World Summit for Children was a global meeting of heads of state and government convened at the United Nations General Assembly in New York City on 29–30 September 1990 to address child welfare issues. The summit produced a high-profile political commitment, mobilizing multilateral institutions such as the United Nations Children's Fund, the World Health Organization, the United Nations Development Programme, and the World Bank alongside regional bodies. It set time-bound targets influencing subsequent multilateral frameworks including the Convention on the Rights of the Child and the Millennium Summit agendas.

Background and Objectives

The summit emerged from negotiations among Boutros Boutros-Ghali-era United Nations offices, regional commissions such as the Economic Commission for Latin America and the Caribbean and the Economic and Social Commission for Asia and the Pacific, and advocacy by non-governmental organizations like Save the Children, World Vision International, and International Save the Children Alliance.
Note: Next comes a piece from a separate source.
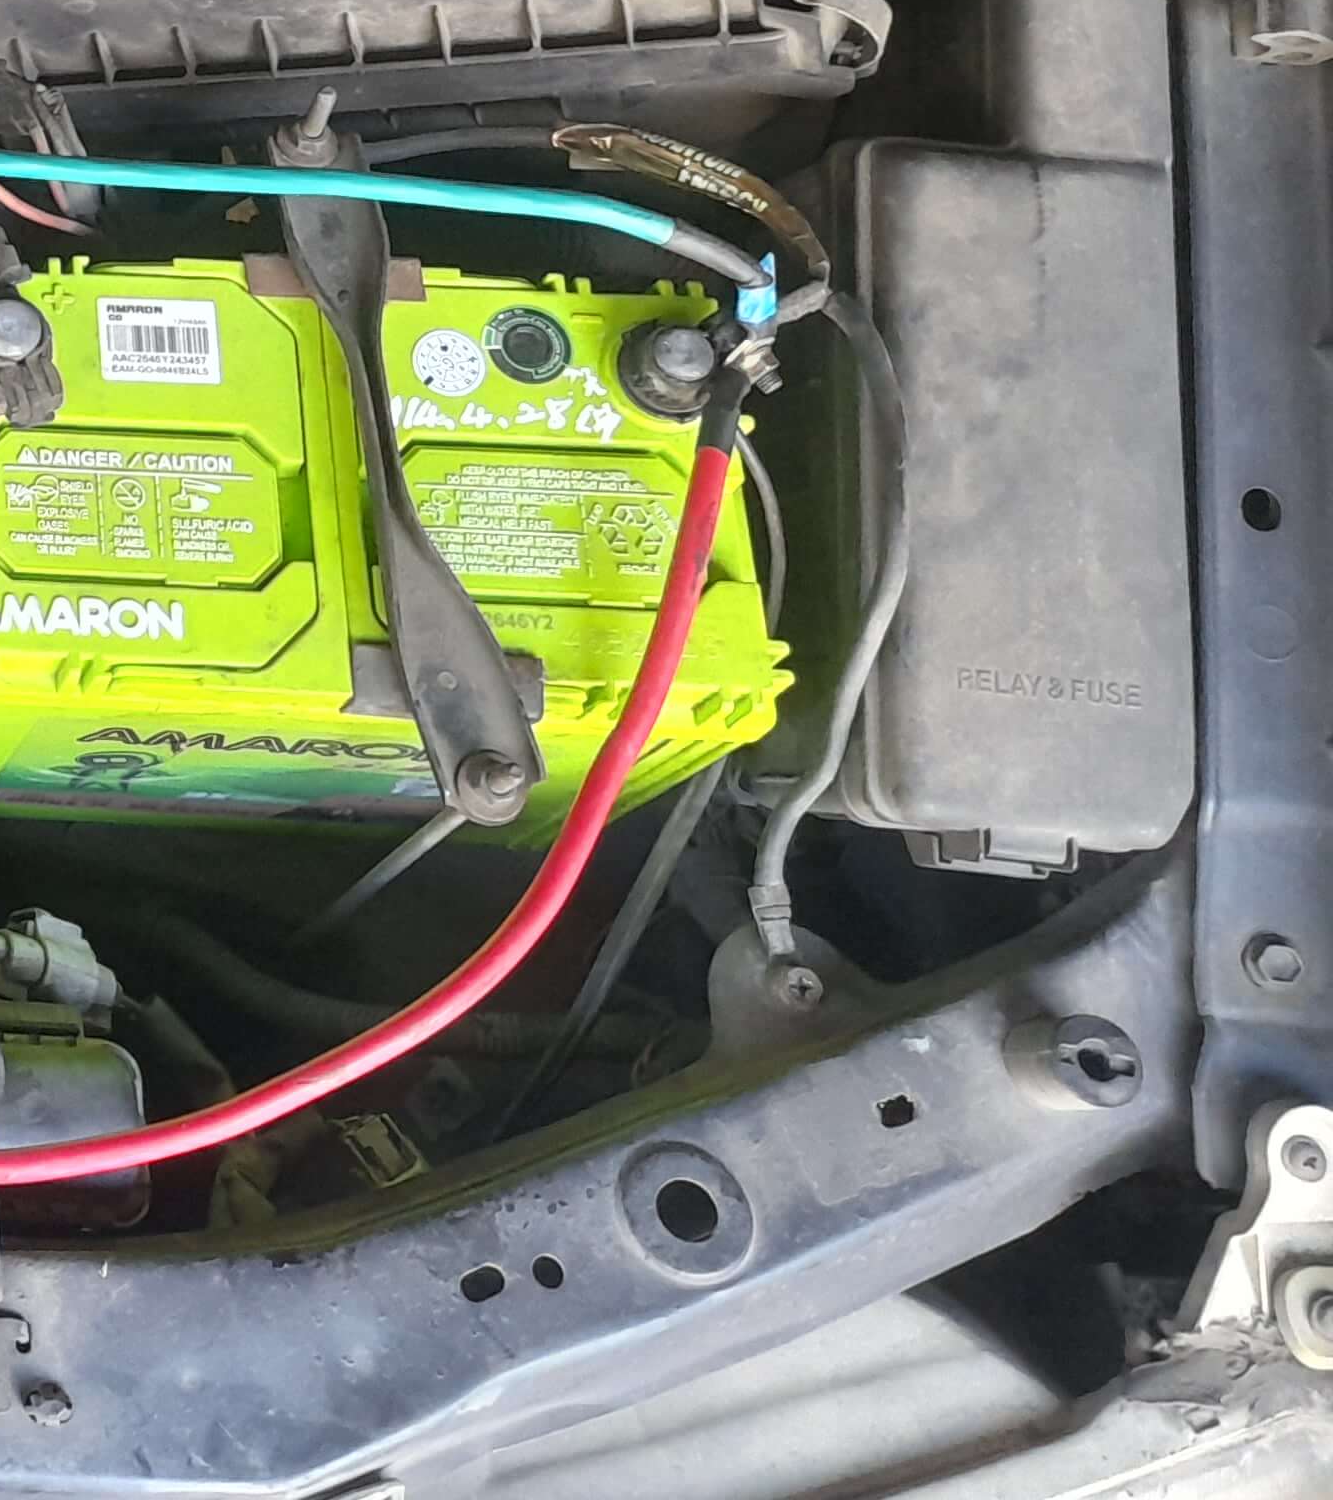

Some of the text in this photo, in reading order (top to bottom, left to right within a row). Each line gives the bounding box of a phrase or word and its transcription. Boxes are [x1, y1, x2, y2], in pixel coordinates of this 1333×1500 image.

Post-Cold War diplomatic shifts involving actors such as Mikhail Gorbachev and the leadership of George H. W. Bush enabled a consensus-setting conference similar in political intent to the United Nations Conference on Environment and Development and the International Conference on Population and Development. Objectives focused on measurable improvements aligned with policy instruments used by the World Bank Group and technical assistance modalities of the United Nations Children's Fund.

Declaration and Goals

Leaders adopted the World Declaration on the Survival, Protection and Development of Children and a Plan of Action, reflecting targets comparable to later commitments under the Convention on the Rights of the Child and echoing language from the Universal Declaration of Human Rights and the Convention on the Elimination of All Forms of Discrimination Against Women. The Plan of Action set quantified goals for reduction of mortality and morbidity, expanded immunization aligning with Global Polio Eradication Initiative strategies, nutrition interventions reminiscent of Protein-Energy Malnutrition programs, and access initiatives similar to those pursued by UNICEF in partnership with United Nations Development Programme and World Health Organization regional offices such as PAHO.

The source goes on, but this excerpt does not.